According to the above configuration, the recessed portions are formed in at least one of the substrate and the semiconductor element part in the bonded interface between the substrate and the semiconductor element part constituting the semiconductor device. Therefore, the recessed portions formed in the bonded interface reduce local unevenness of the bonding energy in the bonded interface. With this feature, only the formation of the recessed portions in at least one of the substrate and the semiconductor element part allows the semiconductor element part to be bonded to the substrate by bonding energy having a relatively predetermined strength in the bonded surface, thereby easily reducing trapping of air bubbles in the bonded interface. The trapping of the air bubbles is reduced in the bonded interface, thereby reducing deformation of the element pattern formed in the semiconductor element part to reduce damage to the element pattern. Therefore, the trapping of the air bubbles can be easily reduced in the bonded interface, thereby making it possible to reduce the damage to the element pattern.

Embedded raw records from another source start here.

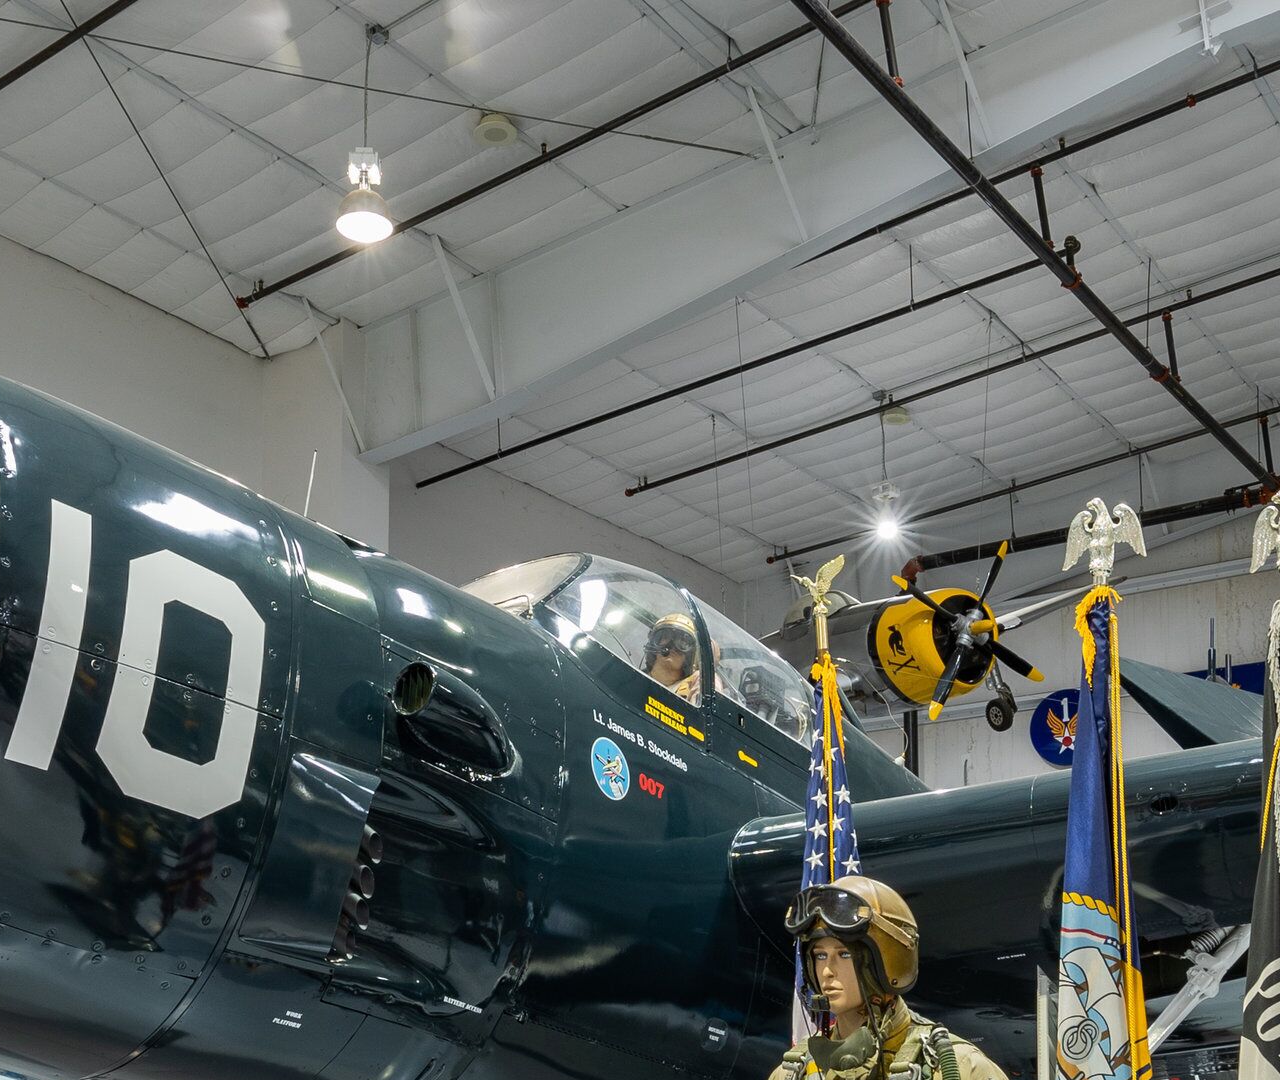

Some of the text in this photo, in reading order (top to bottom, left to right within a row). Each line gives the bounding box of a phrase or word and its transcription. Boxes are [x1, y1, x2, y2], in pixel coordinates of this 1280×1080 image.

[4, 499, 266, 819] 10
[645, 703, 688, 736] EXIT RELEASE
[648, 696, 685, 724] EMERGENCY
[1060, 697, 1070, 721] 1
[593, 708, 688, 772] Lt. James B. Stockdale
[639, 772, 665, 799] 007
[272, 1017, 302, 1029] PLATFORM

Only the formation of the recessed portions in at least one of the substrate and the semiconductor element part causes reduction of the trapping of the air bubbles in the bonded interface, and therefore, it is unnecessary to prepare a vacuum environment or an environment of high pressure and high temperature in order to perform the bonding process, thereby making it possible to simplify a bonding device or shorten a fabrication process.

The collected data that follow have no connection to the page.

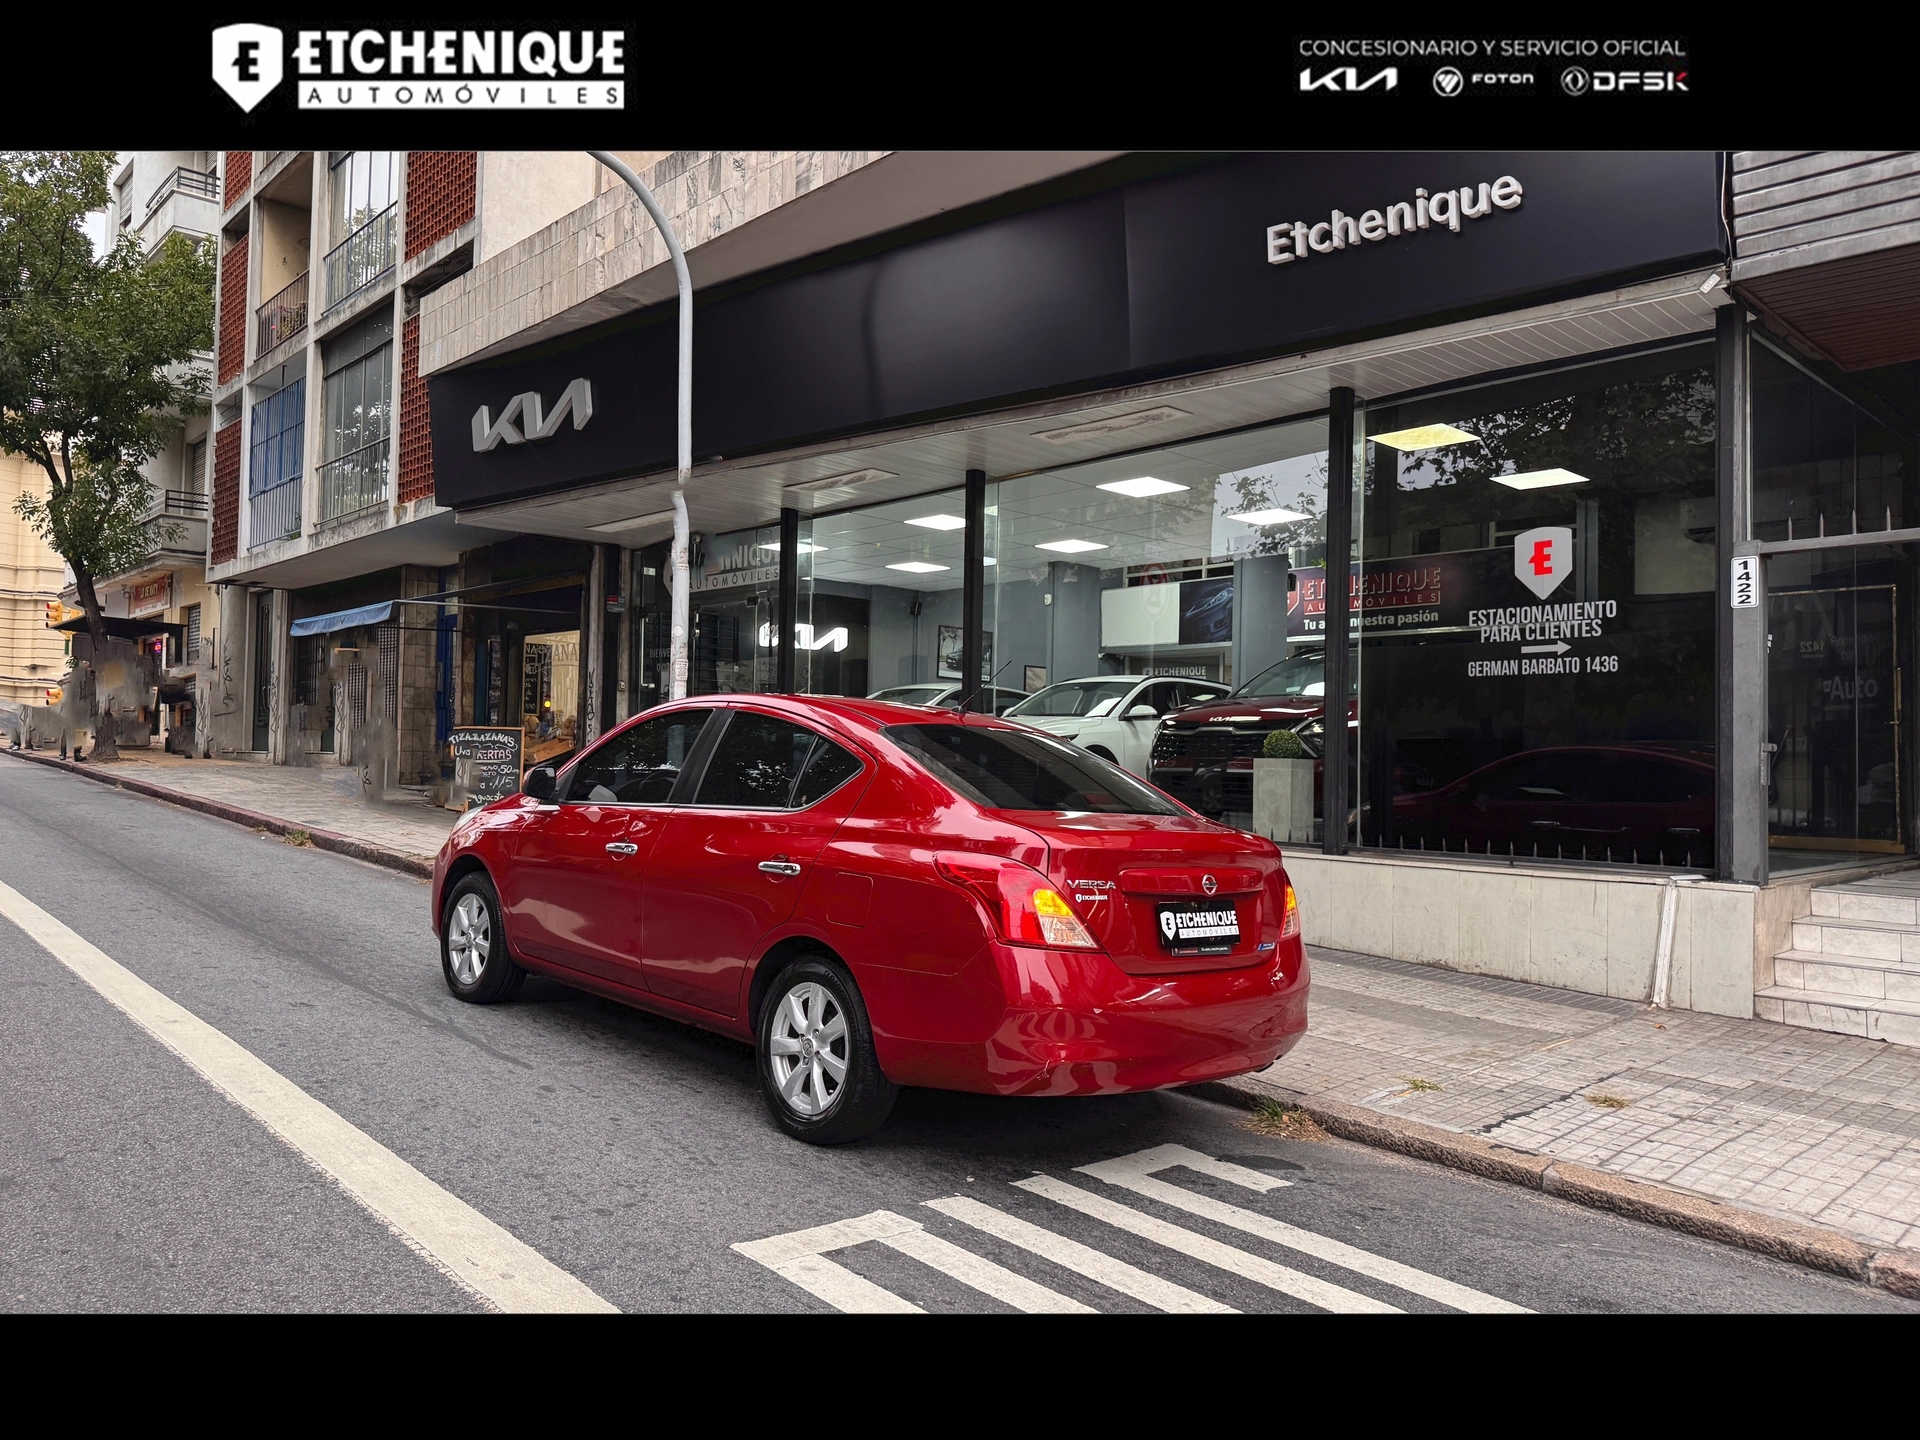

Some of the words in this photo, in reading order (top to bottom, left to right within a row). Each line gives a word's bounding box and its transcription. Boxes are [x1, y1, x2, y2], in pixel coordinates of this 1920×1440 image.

[1266, 175, 1523, 265] Etchenique
[471, 377, 593, 453] KIA
[1737, 560, 1752, 605] 1422
[1306, 593, 1436, 612] AUMÓVILES
[1468, 600, 1617, 627] ESTACIONAMIENTO
[1303, 619, 1317, 631] Tu
[1397, 609, 1439, 627] pasión
[1480, 625, 1521, 643] PARA
[1525, 619, 1602, 641] CLIENTES
[649, 648, 671, 659] BIENVE
[1468, 659, 1519, 677] GERMAN
[1521, 657, 1580, 675] BARBATO
[1585, 655, 1619, 673] 1436
[1066, 879, 1116, 889] VERSA
[1175, 910, 1238, 928] ETCHENIQUE

The recessed portions may communicate with the outside.

According to the above configuration, since the recessed portions communicate with the outside, the air bubbles that may be trapped in the bonded interface are exhausted to the outside, and the trapping of the air bubbles is specifically reduced in the bonded surface.

The recessed portions may be formed by a plurality of groove lines extending in parallel relation to one another.

According to the above configuration, since the recessed portions are the plurality of the groove lines provided so that the groove lines extend in parallel relation to one another, the air bubbles that may be trapped in the bonded interface are specifically exhausted to the outside through the end portion of each of the groove lines.

The recessed portions may not communicate with the outside.

According to the above configuration, the recessed portions do not communicate with the outside, and therefore, trapping of chemicals, dust, and the like is reduced in the bonded interface in subsequent processes.

The recessed portions may be formed by a plurality of dot recessed portions provided so that the dot recessed portions are distant from one another.

According to the above configuration, since the recessed portions are formed by the plurality of dot recessed portions provided so that the dot recessed portions are distant from one another, entering of chemicals, dust, and the like is specifically reduced in the bonded interface in subsequent processes.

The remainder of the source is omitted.